• **Images for object localization**
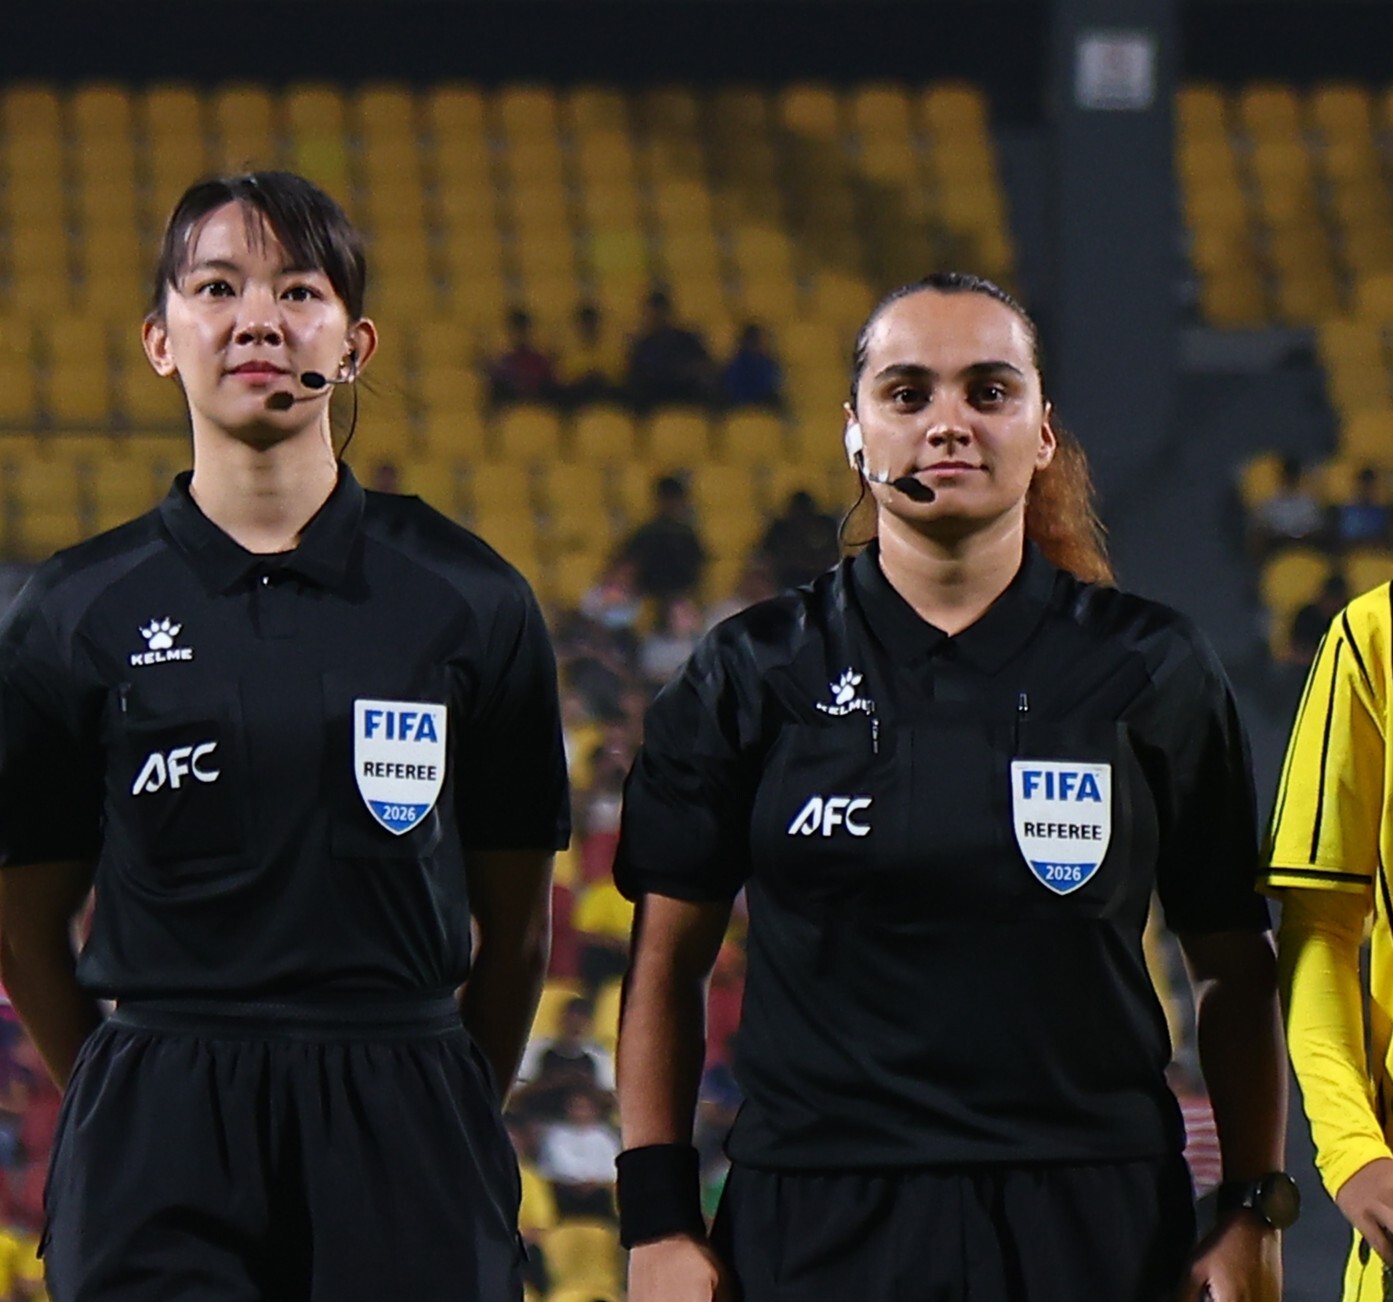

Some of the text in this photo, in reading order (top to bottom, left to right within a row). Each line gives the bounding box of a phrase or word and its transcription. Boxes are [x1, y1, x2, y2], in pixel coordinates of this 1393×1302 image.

[131, 649, 193, 666] KELME
[363, 709, 438, 743] FIFA
[132, 742, 221, 795] AFC
[363, 761, 437, 781] REFEREE
[1022, 770, 1103, 802] FIFA
[383, 804, 416, 822] 2026
[788, 797, 872, 837] AFC
[1024, 822, 1102, 841] REFEREE
[1046, 865, 1081, 882] 2026

• **Task to carry out**
The copy you write must hold every record verbatim and none of the pictures.

• **Result**
Some of the text in this photo, in reading order (top to bottom, left to right within a row). Each line gives the bounding box of a phrase or word and its transcription. Boxes are [x1, y1, x2, y2], in pixel coordinates of this 1393×1302 image.

[131, 649, 193, 666] KELME
[363, 709, 438, 743] FIFA
[132, 742, 221, 795] AFC
[363, 761, 437, 781] REFEREE
[1022, 770, 1103, 802] FIFA
[383, 804, 416, 822] 2026
[788, 797, 872, 837] AFC
[1024, 822, 1102, 841] REFEREE
[1046, 865, 1081, 882] 2026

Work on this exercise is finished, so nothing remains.